Opinions - 09.03.2024

Mohamed Louadi: De la préservation du patrimoine culturel de l’Afrique à l’ère de l’Intelligence Artificielle

Mohamed Louadi: De la préservation du patrimoine culturel de l’Afrique à l’ère de l’Intelligence Artificielle

Par Mohamed Louadi, PhD - Professeur des universités à l’ISG, Université de Tunis. En 2017 le numéro spécial du magazine britannique The Economist annonçait en couverture que la ressource la plus précieuse était désormais les données. Cela faisait écho à l’expression «data is the new oil», formulée en 2006 par Clive Humby, spécialiste en sciences des données.
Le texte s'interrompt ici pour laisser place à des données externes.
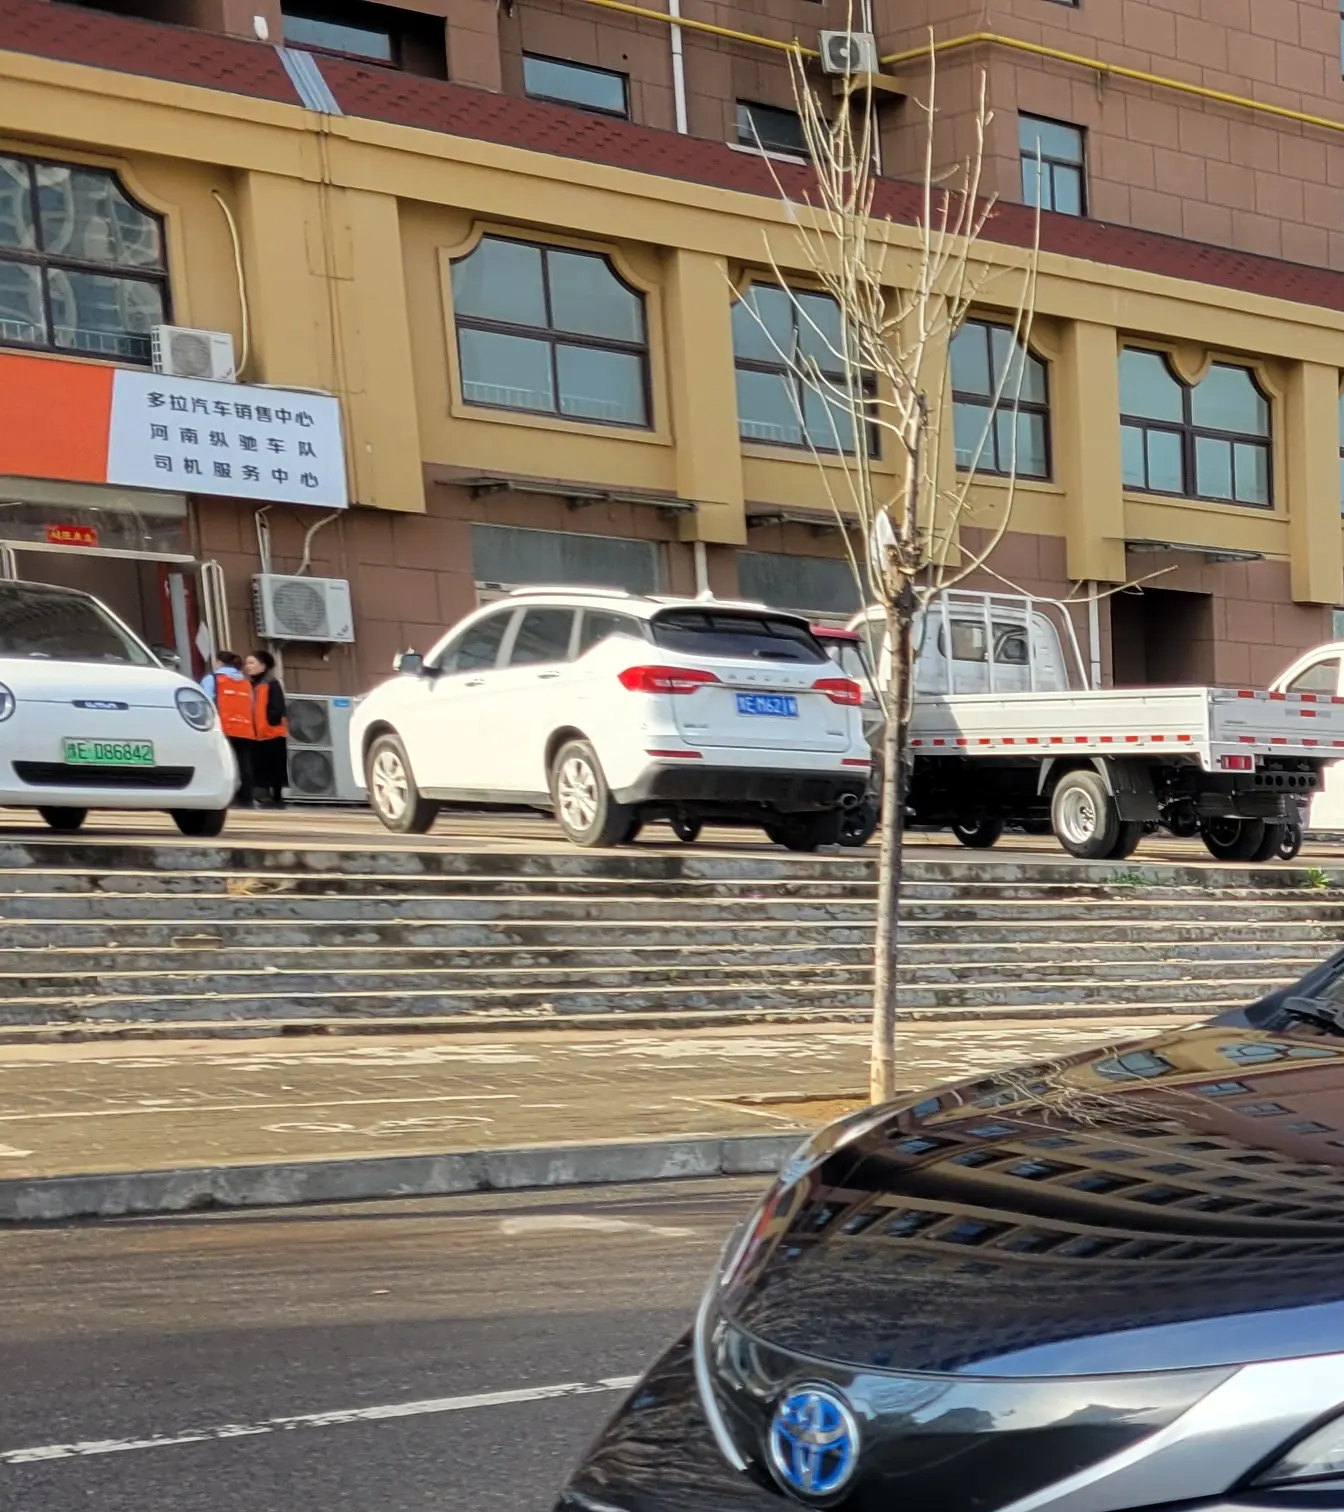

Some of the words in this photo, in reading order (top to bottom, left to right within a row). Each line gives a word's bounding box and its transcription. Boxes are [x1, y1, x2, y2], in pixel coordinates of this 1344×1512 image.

[147, 391, 315, 428] 多拉汽车销售中心
[150, 422, 317, 458] 河南纵驰车队
[153, 454, 319, 488] 司机服务中心
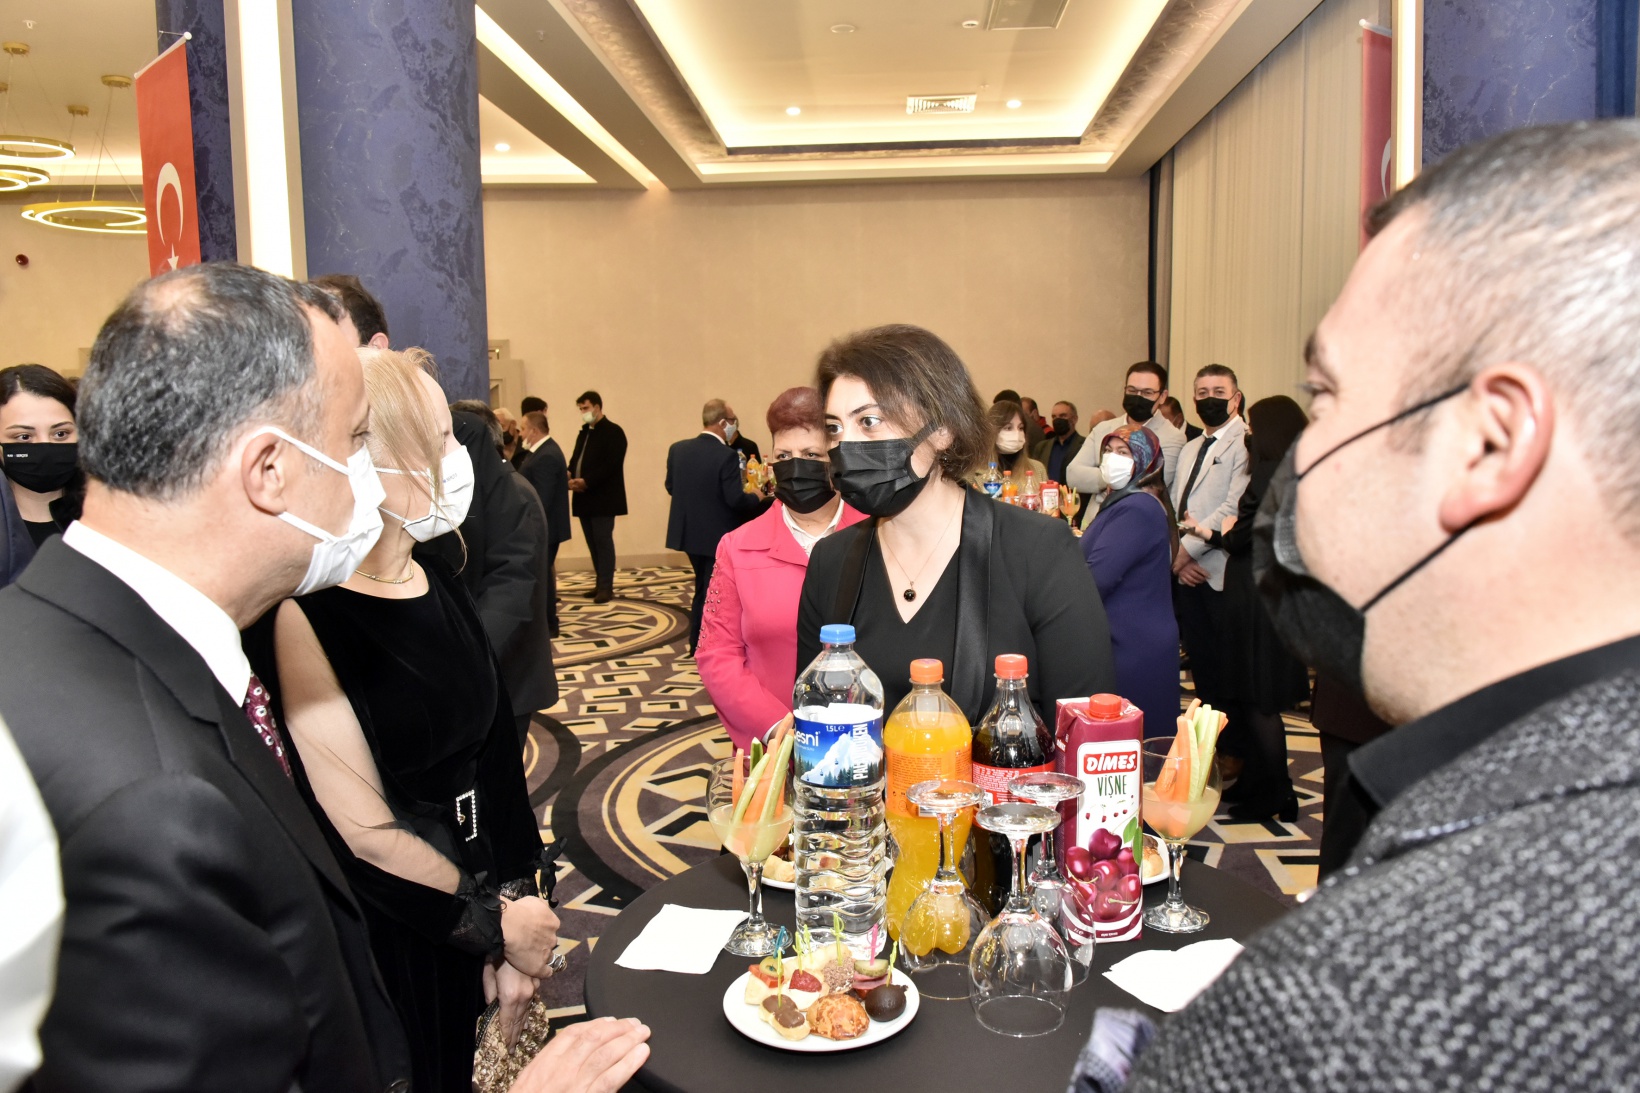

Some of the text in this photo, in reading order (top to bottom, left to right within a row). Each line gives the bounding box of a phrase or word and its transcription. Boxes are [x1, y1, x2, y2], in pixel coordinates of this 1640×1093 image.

[795, 730, 819, 747] esni
[1086, 753, 1136, 772] DİMES
[1097, 775, 1127, 798] VİŞNE
En 2018 James Bridle précisa que les données ne sont pas le nouveau pétrole mais la nouvelle énergie nucléaire en cela qu’elles sont illimitées et dans leur capacité de nuire(1).
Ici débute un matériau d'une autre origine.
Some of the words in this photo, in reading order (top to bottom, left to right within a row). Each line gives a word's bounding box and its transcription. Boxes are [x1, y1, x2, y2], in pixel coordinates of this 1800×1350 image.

De fait, depuis les années 1960, les termes suivants se sont succédés à un rythme effréné: data base, datawarehouse, databank, datamining, datamart, data store, big data, data lake, dataset, tous des termes à consonnance anglo-saxonne avec parfois des tentatives plus ou moins heureuses de traductions dans d’autres langues.

Mais depuis la nuit des temps, les données ont été à la base de la communication et de la transmission des connaissances entre les humains, qui évoluèrent en quatre étapes, l’oral, l’écrit, l’imprimé et le numérique.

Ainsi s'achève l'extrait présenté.